We focus on the decisions an operator makes on the network’s behalf — what is this traffic, is something abnormal, where should flows go, when did the failure start, what caused it. Application-side learned decisions like bitrate selection (Pensieve, CS2P from L11) and host-side decisions like congestion control (Remy, Winstein–Balakrishnan 2013) belong to the same intellectual moment, but they live outside network operations — the bitrate is the player’s call, the host stack is the OS’s call.

The network-operations learning loops fall into three families.

Classification and detection — what is this and is it abnormal?

Traffic classification. Moore and Zuev’s Bayesian classifier (SIGMETRICS 2005) established the supervised-learning baseline: hand-crafted flow features, off-the-shelf classifier, application-label output. The 2017–2023 deep-learning wave — DeepPacket (Lotfollahi et al., 2017), nPrint (Holland et al., IMC 2021), ET-BERT (Lin et al., WWW 2022), netFound (Beltiukov et al., 2023, our group) — replaced the hand-crafted features with learned representations of packets and flows. The operator-facing decision is the same one Moore was already automating in 2005: what application generated this flow, what device is it from, is the label trustworthy enough to act on for billing, QoS, or access control.
Anomaly and intrusion detection. Kitsune (Mirsky et al., NDSS 2018) and Whisper (Fu et al., CCS 2021) are the canonical examples — autoencoder and frequency-domain models that flag traffic the operator should look at. The decision automated here is should this be on the human’s queue at all.

Control and planning — where should the network move bits, and how should we provision?

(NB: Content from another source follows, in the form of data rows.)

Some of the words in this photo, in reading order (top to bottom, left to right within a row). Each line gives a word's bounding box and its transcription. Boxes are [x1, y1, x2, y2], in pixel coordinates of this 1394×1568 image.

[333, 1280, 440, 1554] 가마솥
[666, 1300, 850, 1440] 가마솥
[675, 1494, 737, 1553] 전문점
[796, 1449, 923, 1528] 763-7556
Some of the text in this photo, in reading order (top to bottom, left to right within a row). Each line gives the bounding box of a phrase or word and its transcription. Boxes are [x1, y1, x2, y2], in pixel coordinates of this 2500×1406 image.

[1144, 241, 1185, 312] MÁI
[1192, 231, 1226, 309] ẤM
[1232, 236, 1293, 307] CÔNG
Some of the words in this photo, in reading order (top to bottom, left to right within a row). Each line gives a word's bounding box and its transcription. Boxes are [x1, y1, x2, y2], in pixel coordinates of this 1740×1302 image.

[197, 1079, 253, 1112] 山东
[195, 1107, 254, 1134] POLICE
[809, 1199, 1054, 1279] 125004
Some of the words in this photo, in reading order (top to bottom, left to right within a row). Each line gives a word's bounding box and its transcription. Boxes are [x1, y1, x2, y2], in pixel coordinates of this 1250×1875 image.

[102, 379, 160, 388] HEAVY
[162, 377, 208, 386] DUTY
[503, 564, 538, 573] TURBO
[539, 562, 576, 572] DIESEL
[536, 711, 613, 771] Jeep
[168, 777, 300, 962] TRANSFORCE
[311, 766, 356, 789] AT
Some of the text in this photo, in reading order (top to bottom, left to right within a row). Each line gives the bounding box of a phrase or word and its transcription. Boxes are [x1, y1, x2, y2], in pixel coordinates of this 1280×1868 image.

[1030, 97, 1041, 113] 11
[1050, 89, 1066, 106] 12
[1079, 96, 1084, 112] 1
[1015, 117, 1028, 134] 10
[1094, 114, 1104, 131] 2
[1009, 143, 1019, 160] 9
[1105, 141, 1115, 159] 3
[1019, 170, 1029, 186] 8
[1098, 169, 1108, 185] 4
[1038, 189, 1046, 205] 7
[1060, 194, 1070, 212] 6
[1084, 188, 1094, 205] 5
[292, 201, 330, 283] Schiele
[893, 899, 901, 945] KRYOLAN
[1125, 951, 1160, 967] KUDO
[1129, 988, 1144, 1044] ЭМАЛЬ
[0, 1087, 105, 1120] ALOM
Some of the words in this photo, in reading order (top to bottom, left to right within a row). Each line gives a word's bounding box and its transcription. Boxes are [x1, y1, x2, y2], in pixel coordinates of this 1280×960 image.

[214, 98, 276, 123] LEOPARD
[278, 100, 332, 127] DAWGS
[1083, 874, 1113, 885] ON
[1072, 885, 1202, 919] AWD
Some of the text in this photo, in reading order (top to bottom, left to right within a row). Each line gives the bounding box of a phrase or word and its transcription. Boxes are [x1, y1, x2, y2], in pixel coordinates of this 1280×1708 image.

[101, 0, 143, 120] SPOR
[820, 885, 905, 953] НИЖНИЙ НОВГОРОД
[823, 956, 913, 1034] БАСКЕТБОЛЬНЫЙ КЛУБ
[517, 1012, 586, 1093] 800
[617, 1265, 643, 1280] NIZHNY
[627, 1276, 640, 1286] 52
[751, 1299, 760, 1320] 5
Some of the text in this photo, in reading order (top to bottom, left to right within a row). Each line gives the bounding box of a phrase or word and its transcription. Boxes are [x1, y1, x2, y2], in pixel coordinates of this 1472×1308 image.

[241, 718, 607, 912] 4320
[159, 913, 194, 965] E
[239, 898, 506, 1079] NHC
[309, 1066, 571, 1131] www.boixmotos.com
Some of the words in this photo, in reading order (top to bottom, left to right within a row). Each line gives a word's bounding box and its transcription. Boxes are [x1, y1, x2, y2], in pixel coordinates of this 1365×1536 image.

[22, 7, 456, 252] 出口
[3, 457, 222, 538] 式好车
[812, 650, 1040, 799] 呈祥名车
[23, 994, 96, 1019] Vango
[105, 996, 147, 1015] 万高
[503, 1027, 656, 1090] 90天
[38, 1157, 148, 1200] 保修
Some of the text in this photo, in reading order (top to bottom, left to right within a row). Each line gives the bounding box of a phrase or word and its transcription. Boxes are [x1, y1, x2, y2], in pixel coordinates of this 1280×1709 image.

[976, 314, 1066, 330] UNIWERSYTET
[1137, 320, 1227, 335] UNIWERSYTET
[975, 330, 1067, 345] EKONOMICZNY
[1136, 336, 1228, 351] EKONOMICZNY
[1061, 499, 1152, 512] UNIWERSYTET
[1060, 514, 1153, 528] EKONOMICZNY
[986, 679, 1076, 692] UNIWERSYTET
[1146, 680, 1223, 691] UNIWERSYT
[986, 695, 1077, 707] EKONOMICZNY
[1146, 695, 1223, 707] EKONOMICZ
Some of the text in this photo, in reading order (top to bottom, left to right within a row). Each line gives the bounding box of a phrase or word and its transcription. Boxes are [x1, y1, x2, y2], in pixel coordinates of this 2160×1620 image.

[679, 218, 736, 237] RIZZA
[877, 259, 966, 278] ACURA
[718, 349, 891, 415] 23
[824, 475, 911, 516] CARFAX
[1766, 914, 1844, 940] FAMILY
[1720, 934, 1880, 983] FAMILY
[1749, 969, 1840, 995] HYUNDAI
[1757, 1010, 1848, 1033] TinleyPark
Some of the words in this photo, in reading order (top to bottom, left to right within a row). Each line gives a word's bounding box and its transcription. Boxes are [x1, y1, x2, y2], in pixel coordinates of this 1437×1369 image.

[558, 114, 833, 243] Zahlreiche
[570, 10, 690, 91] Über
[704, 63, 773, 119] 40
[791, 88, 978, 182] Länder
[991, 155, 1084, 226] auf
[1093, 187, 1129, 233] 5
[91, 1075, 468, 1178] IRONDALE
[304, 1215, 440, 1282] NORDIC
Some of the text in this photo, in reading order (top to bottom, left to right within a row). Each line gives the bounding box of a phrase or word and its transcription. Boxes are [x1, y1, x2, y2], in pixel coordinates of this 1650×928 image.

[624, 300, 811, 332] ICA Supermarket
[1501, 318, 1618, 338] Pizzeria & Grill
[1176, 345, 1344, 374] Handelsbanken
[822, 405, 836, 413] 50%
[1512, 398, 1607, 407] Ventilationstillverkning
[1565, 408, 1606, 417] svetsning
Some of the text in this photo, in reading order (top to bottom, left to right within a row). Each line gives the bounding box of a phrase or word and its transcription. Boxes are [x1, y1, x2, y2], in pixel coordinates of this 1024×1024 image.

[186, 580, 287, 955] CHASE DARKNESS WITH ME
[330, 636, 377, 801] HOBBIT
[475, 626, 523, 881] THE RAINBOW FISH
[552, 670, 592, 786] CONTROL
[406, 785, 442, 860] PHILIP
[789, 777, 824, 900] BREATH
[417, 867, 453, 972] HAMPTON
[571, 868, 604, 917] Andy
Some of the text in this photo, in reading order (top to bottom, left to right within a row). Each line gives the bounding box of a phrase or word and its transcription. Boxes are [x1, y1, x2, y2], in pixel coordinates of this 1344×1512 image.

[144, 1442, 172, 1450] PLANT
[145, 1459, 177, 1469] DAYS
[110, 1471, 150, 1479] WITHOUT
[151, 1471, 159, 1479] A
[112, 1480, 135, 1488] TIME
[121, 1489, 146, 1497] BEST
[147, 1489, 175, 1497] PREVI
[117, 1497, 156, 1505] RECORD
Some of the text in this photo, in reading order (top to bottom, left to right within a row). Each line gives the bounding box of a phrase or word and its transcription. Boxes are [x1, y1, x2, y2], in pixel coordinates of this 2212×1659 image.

AuTO (Chen et al., SIGCOMM 2018) — hierarchical RL for datacenter flow scheduling and traffic optimization.
NeuroPlan (Zhu et al., SIGCOMM 2021) — RL for long-horizon network planning: capacity provisioning over multi-year time horizons. Planning had been the most human-decision-dominated activity in the operator’s calendar.
Decima (Mao et al., SIGCOMM 2019) — RL for cluster job scheduling at the datacenter compute layer; included here because at hyperscale-operator scale the line between compute scheduling and network scheduling has thinned.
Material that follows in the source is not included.